TASK DETAILS:
Every entry that follows should be output exactly, and every image in it left out.

>>>>

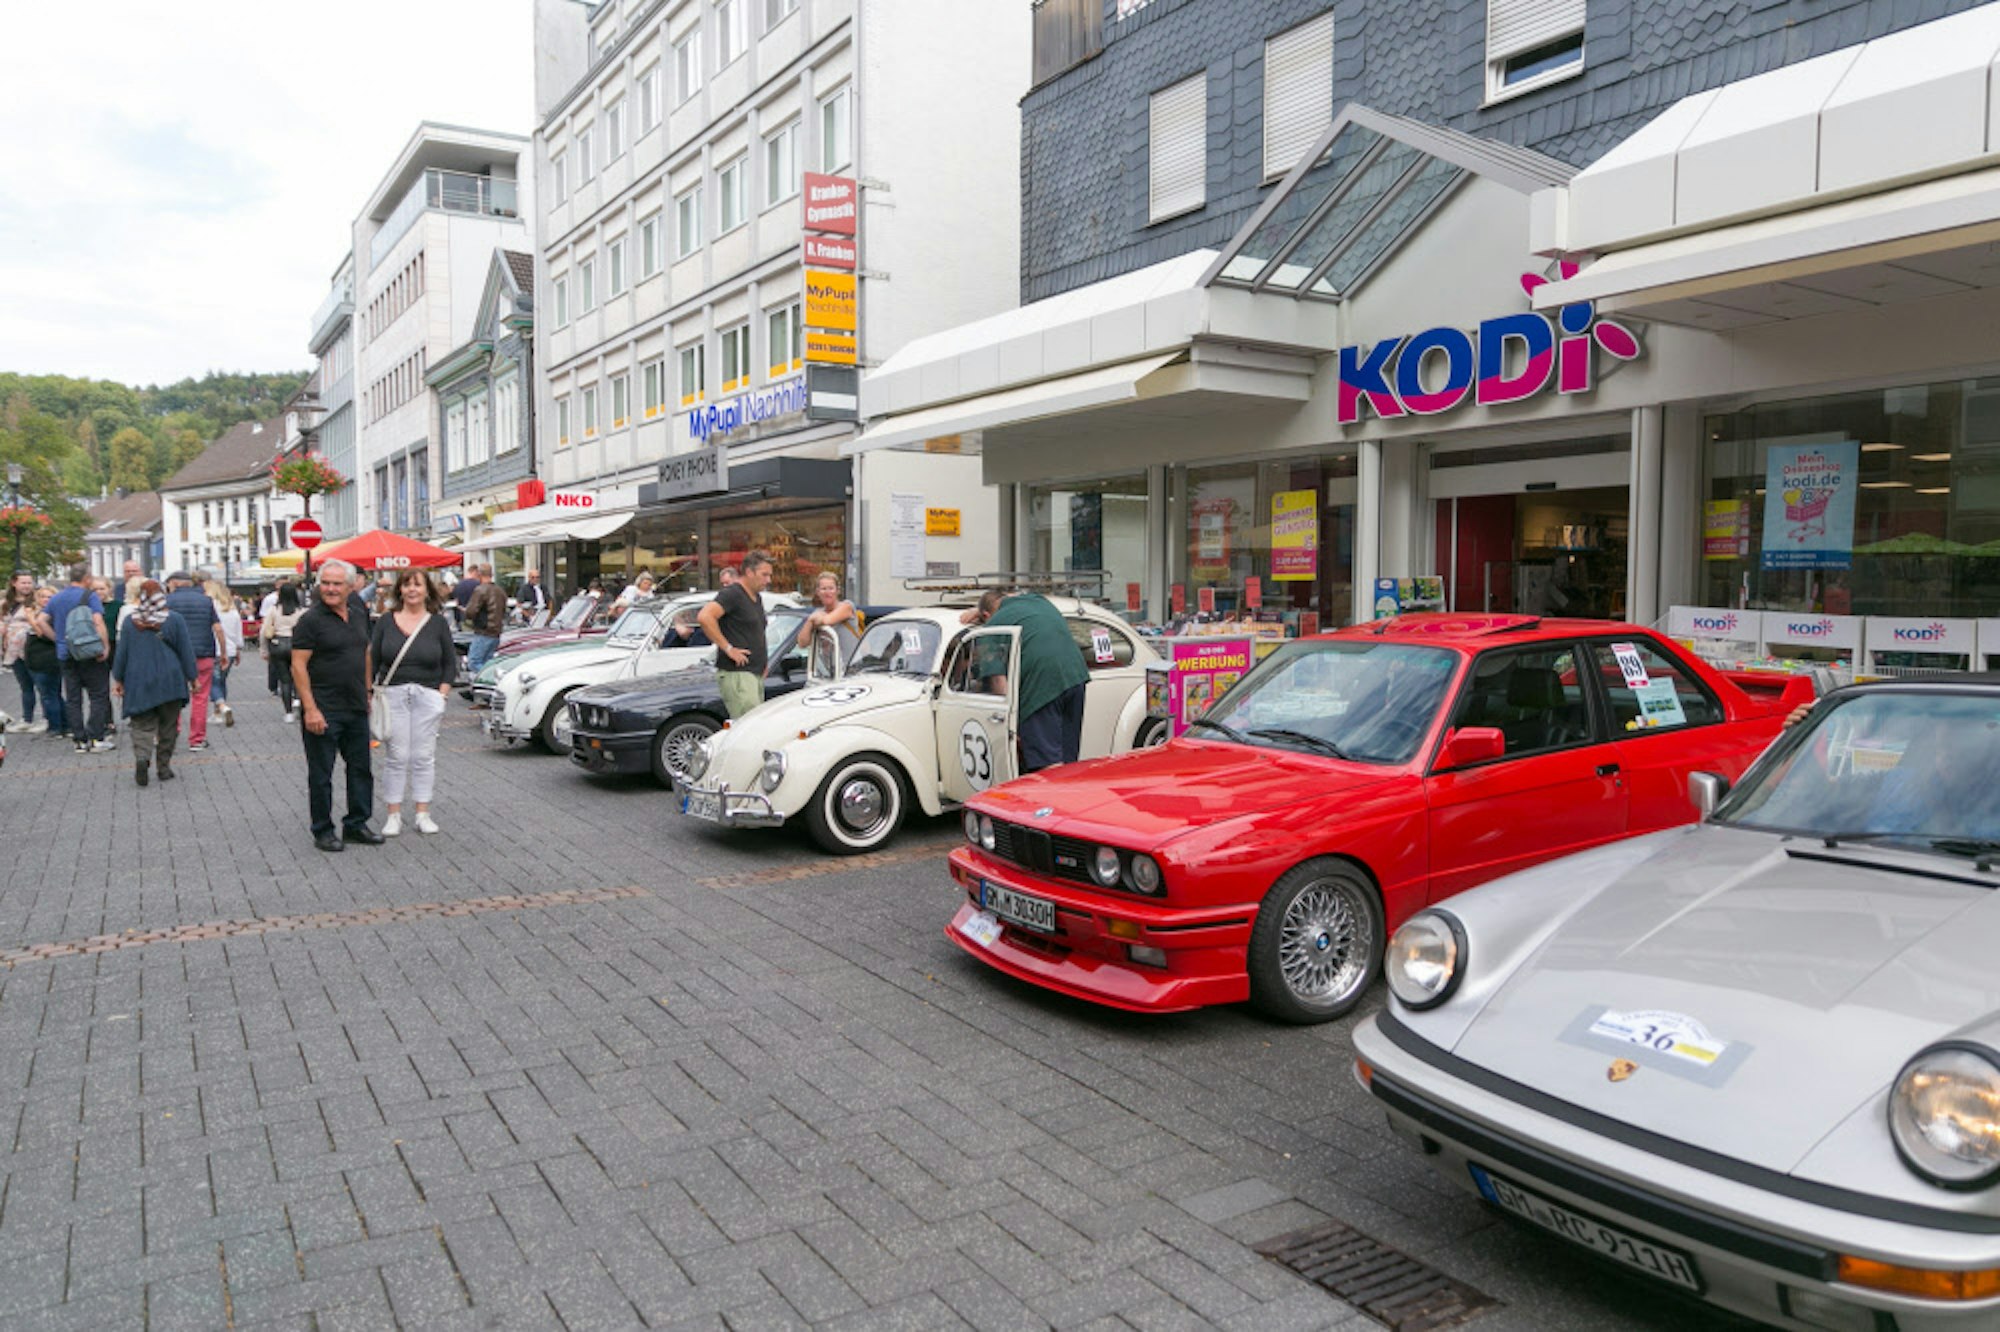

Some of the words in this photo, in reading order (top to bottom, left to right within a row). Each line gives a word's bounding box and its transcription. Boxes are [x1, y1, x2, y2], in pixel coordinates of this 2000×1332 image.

[811, 184, 851, 201] Kranken-
[807, 202, 854, 222] Gymnastik
[817, 243, 854, 260] Franken
[806, 284, 855, 300] MyPupil
[689, 397, 743, 442] MyPupil
[745, 378, 808, 423] Nachhilfe
[688, 453, 717, 478] PHONE
[1798, 455, 1825, 463] Mein
[1783, 473, 1841, 488] kodi.de
[555, 493, 593, 508] NKD
[375, 556, 411, 568] NKD
[1177, 654, 1246, 671] WERBUNG
[1619, 655, 1643, 677] 89
[963, 733, 991, 781] 53
[1014, 895, 1053, 928] 3030H
[1630, 1024, 1680, 1051] 36
[1494, 1180, 1535, 1218] GM
[1550, 1207, 1595, 1245] RC
[1599, 1227, 1695, 1284] 911H

<<<<

ANSWER SPACE:
Some of the words in this photo, in reading order (top to bottom, left to right within a row). Each line gives a word's bounding box and its transcription. Boxes are [x1, y1, x2, y2], in pixel coordinates of this 2000×1332 image.

[811, 184, 851, 201] Kranken-
[807, 202, 854, 222] Gymnastik
[817, 243, 854, 260] Franken
[806, 284, 855, 300] MyPupil
[689, 397, 743, 442] MyPupil
[745, 378, 808, 423] Nachhilfe
[688, 453, 717, 478] PHONE
[1798, 455, 1825, 463] Mein
[1783, 473, 1841, 488] kodi.de
[555, 493, 593, 508] NKD
[375, 556, 411, 568] NKD
[1177, 654, 1246, 671] WERBUNG
[1619, 655, 1643, 677] 89
[963, 733, 991, 781] 53
[1014, 895, 1053, 928] 3030H
[1630, 1024, 1680, 1051] 36
[1494, 1180, 1535, 1218] GM
[1550, 1207, 1595, 1245] RC
[1599, 1227, 1695, 1284] 911H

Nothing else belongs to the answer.